When Tailwind Labs laid off roughly 75% of its team after traffic shifted toward paid products, it surfaced something many of us intuitively felt already: the core value wasn’t the open source code, it was the distribution channel.
This isn’t a moral judgment. It’s an incentive reality.
The moment an open source project’s survival depends on:
brand gravity
ecosystem lock-in
paid extensions
…it stops being about shared ownership of solutions and starts being about controlled leverage.
An intent- and variant-driven model weakens this dynamic:
value lives in ideas and constraints, not traffic
no single implementation becomes the choke point
innovation is harder to monetize exclusively, but easier to share meaningfully
That’s uncomfortable—but arguably healthier.
Counterarguments (And Why They Matter)
“This will lead to mediocre, average solutions”
Only if selection is intellectual instead of empirical. Measurement kills mediocrity faster than opinion ever did.
“This fragments the ecosystem”
It does—but intentionally.
Fragmentation at the implementation level is fine if the interfaces and benchmarks are shared. Today we fragment APIs instead, which is far worse.
“Most teams don’t want to think about this”
True. And they already don’t.
They just pay the cost later—during incidents, rewrites, or forced migrations.

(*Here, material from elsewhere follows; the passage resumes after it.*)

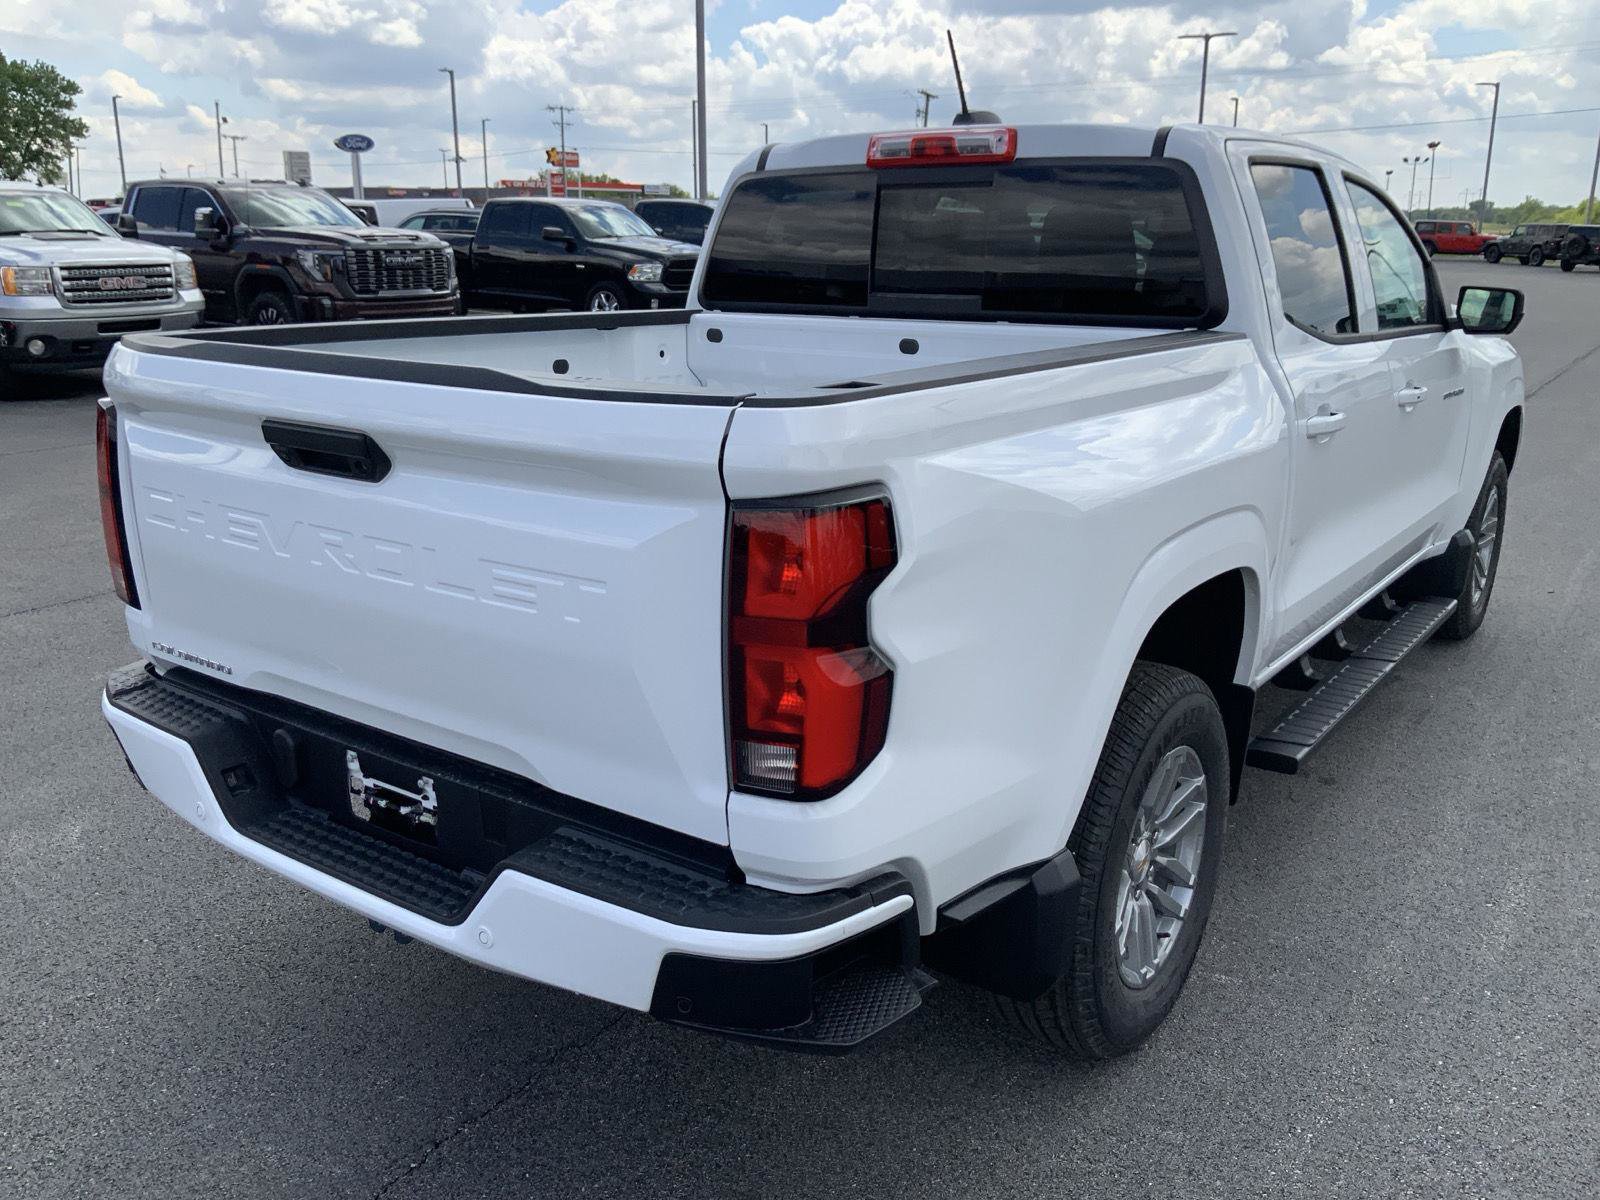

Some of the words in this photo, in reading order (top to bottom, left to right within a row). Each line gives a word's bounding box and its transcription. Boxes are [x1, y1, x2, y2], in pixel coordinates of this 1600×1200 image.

[345, 137, 368, 148] Ford
[99, 276, 148, 290] GMC
[142, 486, 607, 623] CHEVROLET

This model front-loads thinking and back-loads stability.
“LLMs will converge to the same patterns anyway”
They will—unless we force diversity:
dissimilarity constraints
human-seeded mutations
explicit exploration budgets
Convergence is a system design choice, not an inevitability.
What Humans Still Do (And Always Will)
LLMs don’t replace creativity because creativity doesn’t live in code.
It lives in:
noticing pain
questioning defaults
redefining “what matters”
inventing new axes of optimization
Humans decide:
what constraints exist
what tradeoffs are acceptable
what “better” even means
Machines just help us explore the consequences faster.
This Isn’t a Finished Answer
I don’t think this replaces today’s ecosystem overnight. I don’t even think it should.
But I do think LLMs give us a chance to:
stop outsourcing thinking to dependencies
regain ownership of our codebases
make open source about ideas again, not artifacts
This article isn’t a proposal. It’s a question:
If we didn’t have to depend on code anymore, what would we choose to share?